DIRECTIONS
Everything from the line with "Some of the text" through the end of the entries must be transcribed exactly; no other lines belong in the answer.

MATERIAL FOR THE TASK
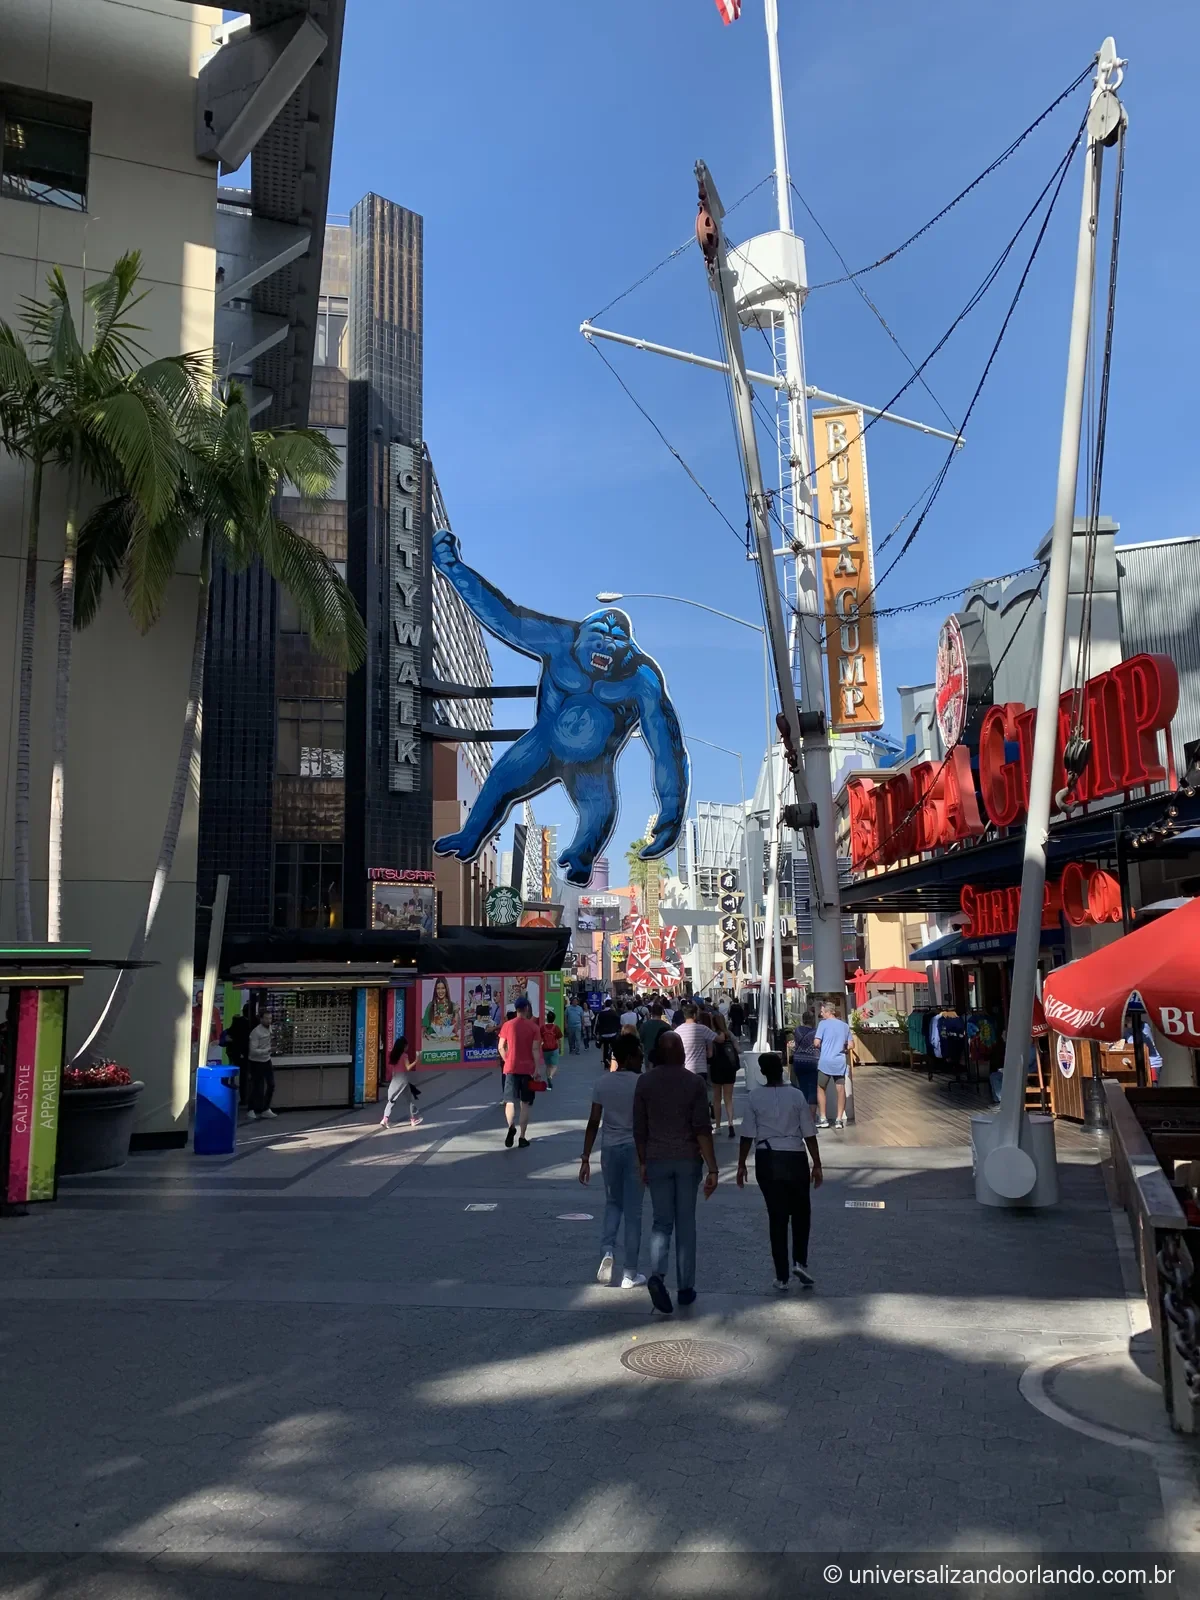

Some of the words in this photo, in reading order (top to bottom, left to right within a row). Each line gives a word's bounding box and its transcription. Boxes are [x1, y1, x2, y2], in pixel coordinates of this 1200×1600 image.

[825, 419, 858, 577] BUBBA
[393, 468, 423, 765] CITYWALK
[834, 587, 866, 718] GUMP
[847, 745, 984, 872] BUBBA
[543, 829, 553, 899] CITYW
[15, 1105, 28, 1133] CALI
[17, 1064, 31, 1100] STYLE
[40, 1065, 58, 1130] APPAREL
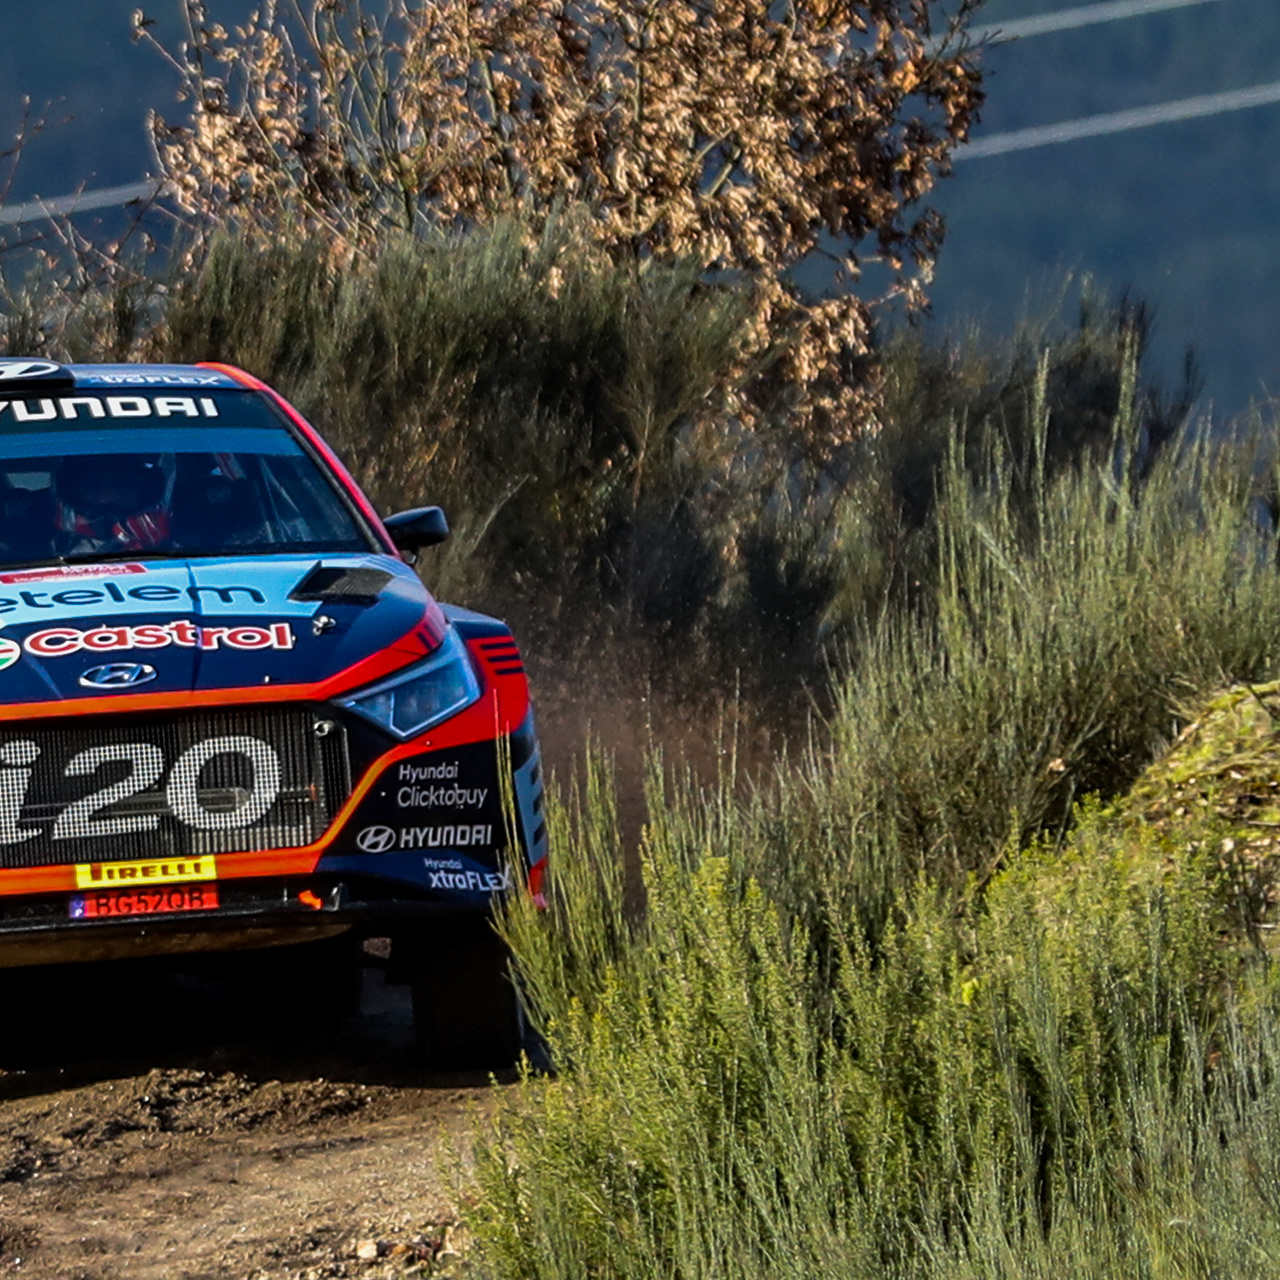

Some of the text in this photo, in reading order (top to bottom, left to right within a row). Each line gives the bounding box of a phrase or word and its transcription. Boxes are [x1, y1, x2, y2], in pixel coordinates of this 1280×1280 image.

[23, 620, 295, 658] Castrol
[398, 761, 459, 783] Hyundai
[397, 783, 489, 809] Clicktobuy
[399, 824, 493, 849] HYUNDAI
[90, 856, 203, 881] PIRELLI
[423, 857, 463, 870] Hyundai
[428, 863, 515, 892] xtraFLEX

YOUR RESPONSE
Some of the text in this photo, in reading order (top to bottom, left to right within a row). Each line gives the bounding box of a phrase or word and its transcription. Boxes are [x1, y1, x2, y2], in pixel coordinates of this 1280×1280 image.

[23, 620, 295, 658] Castrol
[398, 761, 459, 783] Hyundai
[397, 783, 489, 809] Clicktobuy
[399, 824, 493, 849] HYUNDAI
[90, 856, 203, 881] PIRELLI
[423, 857, 463, 870] Hyundai
[428, 863, 515, 892] xtraFLEX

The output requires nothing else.